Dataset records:
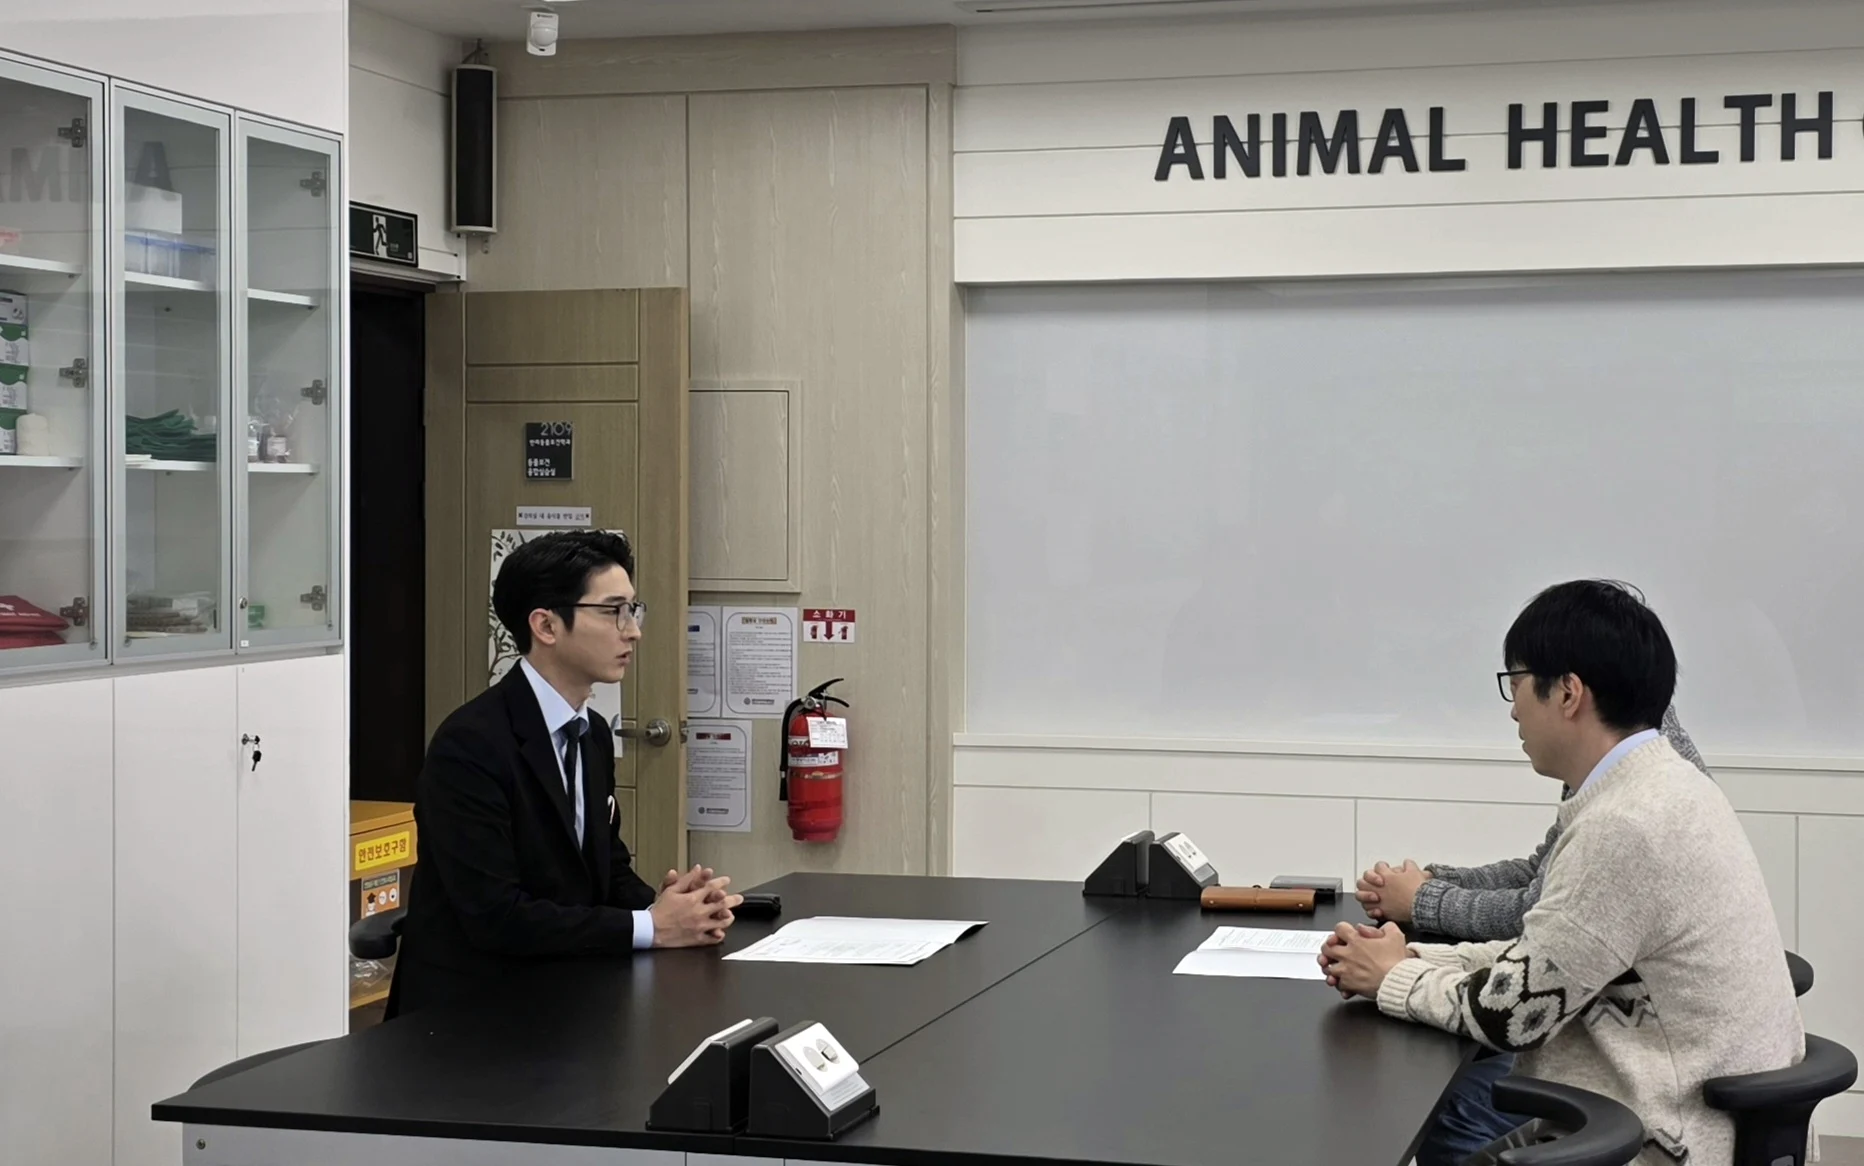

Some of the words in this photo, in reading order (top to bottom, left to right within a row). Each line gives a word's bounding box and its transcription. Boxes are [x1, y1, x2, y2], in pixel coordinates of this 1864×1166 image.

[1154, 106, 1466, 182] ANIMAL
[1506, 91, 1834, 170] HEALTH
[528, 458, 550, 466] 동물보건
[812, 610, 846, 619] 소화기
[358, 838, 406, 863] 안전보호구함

> [What you will do]
Copy all the data exactly as written, but skip any picture.

> [Completed task]
Some of the words in this photo, in reading order (top to bottom, left to right within a row). Each line gives a word's bounding box and its transcription. Boxes are [x1, y1, x2, y2], in pixel coordinates of this 1864×1166 image.

[1154, 106, 1466, 182] ANIMAL
[1506, 91, 1834, 170] HEALTH
[528, 458, 550, 466] 동물보건
[812, 610, 846, 619] 소화기
[358, 838, 406, 863] 안전보호구함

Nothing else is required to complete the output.